Las masas humanas más peligrosas son aquellas en cuyas venas ha sido inyectado el veneno del miedo... del miedo al cambio. Octavio Paz.



jueves, 4 de noviembre de 2010

Néstor Kirchner 1950 - 2010

Según le dijeron a Galeano, en la costa colombiana, un hombre viejo, pobre, pescador negro pudo subir al alto cielo y desde el alto cielo vio la tierra. A la vuelta contó y dijo que los humanitos somos un mar de fuegos, hay fuegos grandes, fuegos chicos y fuegos de todos los colores. Ningún fuego es igual a otro fuego. Algunos fuegos, fuegos bobos, no alumbran ni queman, pero otros fuegos arden la vida con tantas ganas que no se pueden mirar sin parpadear y quien se acerca se enciende. Néstor Kirchner fue uno de esos fuegos y será difícil apagarlo.

La muerte del ex-presidente en un país de dos aguas, tuvo dos reacciones dispares, tan dispares como el amor y el odio, la pasión y el aborrecimiento.

He leído frases como: "Néstor con Perón, el Pueblo con Cristina"; y otras que decían: "Muerto el perro, se acabó la rabia".
He visto decenas de miles llorar, lamentarse, corear su nombre; y otras, escondiendo detrás de un pésame hipócrita, las ansías del oportunismo, como así también, he visto proclamas tenues restándole importancia a su muerte.

Mi reacción fue ecléctica, porque ecléctico es mi pensar político, quizás alimentado por la confusión, tal vez perplejo ante la conmoción social y consecuente realidad, un poco desconocida hasta entonces por mí, o simplemente, porque no he descubierto aún, ni la pasión, ni el odio, hacia algún gobernante.

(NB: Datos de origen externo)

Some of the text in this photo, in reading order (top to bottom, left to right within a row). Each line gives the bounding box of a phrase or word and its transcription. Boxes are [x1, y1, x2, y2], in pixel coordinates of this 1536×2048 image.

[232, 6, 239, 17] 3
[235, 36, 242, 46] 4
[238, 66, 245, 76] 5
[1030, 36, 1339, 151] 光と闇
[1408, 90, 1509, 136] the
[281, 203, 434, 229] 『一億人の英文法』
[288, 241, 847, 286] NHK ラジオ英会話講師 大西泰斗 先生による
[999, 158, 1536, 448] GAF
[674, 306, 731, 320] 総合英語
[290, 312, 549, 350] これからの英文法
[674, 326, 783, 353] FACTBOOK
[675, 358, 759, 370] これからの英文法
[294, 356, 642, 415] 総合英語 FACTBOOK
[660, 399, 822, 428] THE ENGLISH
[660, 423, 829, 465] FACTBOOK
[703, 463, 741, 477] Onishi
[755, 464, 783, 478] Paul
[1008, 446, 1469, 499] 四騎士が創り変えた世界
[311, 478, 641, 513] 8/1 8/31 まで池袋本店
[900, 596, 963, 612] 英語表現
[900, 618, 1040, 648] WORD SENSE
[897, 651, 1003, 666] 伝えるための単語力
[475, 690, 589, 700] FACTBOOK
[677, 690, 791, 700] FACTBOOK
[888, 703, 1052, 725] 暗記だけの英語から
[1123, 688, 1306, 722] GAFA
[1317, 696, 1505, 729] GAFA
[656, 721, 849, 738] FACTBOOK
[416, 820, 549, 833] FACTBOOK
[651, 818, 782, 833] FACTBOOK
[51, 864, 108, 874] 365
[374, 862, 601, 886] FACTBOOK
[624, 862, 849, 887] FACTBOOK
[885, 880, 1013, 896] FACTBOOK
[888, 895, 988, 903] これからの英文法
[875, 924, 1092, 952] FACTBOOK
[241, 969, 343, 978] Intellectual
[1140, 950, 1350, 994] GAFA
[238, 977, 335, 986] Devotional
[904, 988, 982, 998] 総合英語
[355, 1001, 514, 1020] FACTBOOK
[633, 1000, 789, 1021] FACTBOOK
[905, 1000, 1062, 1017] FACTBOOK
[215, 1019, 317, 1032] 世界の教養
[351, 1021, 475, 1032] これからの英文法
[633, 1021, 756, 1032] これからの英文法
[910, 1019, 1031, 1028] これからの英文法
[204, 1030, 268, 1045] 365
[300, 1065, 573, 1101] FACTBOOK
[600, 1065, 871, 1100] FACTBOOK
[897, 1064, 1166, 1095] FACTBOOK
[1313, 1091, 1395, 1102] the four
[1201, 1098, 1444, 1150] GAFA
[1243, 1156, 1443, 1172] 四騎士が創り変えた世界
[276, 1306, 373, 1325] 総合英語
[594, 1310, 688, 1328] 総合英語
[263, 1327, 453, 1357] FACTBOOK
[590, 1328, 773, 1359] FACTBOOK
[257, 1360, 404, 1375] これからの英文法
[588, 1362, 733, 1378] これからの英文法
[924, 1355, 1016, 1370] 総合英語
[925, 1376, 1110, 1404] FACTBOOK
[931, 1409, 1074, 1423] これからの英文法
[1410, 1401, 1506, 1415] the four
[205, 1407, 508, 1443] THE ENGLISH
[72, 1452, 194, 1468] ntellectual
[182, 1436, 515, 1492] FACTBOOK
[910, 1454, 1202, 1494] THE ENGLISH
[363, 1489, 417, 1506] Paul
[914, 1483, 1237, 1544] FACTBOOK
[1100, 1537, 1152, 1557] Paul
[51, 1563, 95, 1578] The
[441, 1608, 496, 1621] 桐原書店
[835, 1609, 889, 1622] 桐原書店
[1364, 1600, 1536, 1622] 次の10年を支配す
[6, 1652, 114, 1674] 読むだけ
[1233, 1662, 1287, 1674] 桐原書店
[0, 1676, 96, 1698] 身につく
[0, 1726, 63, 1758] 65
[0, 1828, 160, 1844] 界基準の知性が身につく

No sé si lo hecho desde 2003 hasta sus últimos días por ex-presidente Néstor Kirchner, en materia de gobierno, ha sido del todo bueno, o del todo malo.
No es que quiera mantener una posición poco jugada, por el contrario, tengo posiciones bastamente formadas en varios puntos de su gobierno, o modelo, como dicen muchos.

Muchos creen que es la verdadera continuación de Perón, otros por el contrario, que es la evolución de Menem. Y allí planto mi pensamiento, y opino que nada de eso es, lo que es.

Néstor Kirchner, fue y será, él mismo, porque ha venido al paño político nacional con un modelo distinto a los ex-presidentes antes mencionados, ha desarrollado una política distinta que aquellos. No es, ni será Perón, ni Menem, ni otro, porque ha sido un líder político genuino, de un modelo propio, el tiempo dirá si fue mejor, peor o igual que otro.

Sí reconozco, y levanto muchas banderas de su modelo. Creo firmemente en la Patria Grande de Simón Bolívar, San Martín, Miranda y otros; creo en la integración regional, latinoamericana, para escapar de las opresiones, que hace cientos de años vienen sufriendo nuestras culturas, nuestros pueblos; creo en la reconstrucción de la Identidad Nacional, lucha de arduo trabajo, porque no sólo se debe despertar y educar una sociedad dormida o desorientada, sino lo que es peor, se debe luchar también, contra quienes muy despiertos y educados en su propios intereses han vendido la patria desde que lo somos.

Hay algo que debemos aprender como sociedad, pese a quien le pese. Debemos reavivar tres fuegos: el de la memoria colectiva, que nos hace fuerte, el del corazón cívico, que nos hace valientes y el de la sangre latinoamericana, que nos une.

Ningún fuego es igual a otro fuego. Algunos fuegos, fuegos bobos, no alumbran ni queman, pero otros fuegos arden la vida con tantas ganas que no se pueden mirar sin parpadear y quien se acerca se enciende...

Néstor Kirchner encendió ese tres fuegos.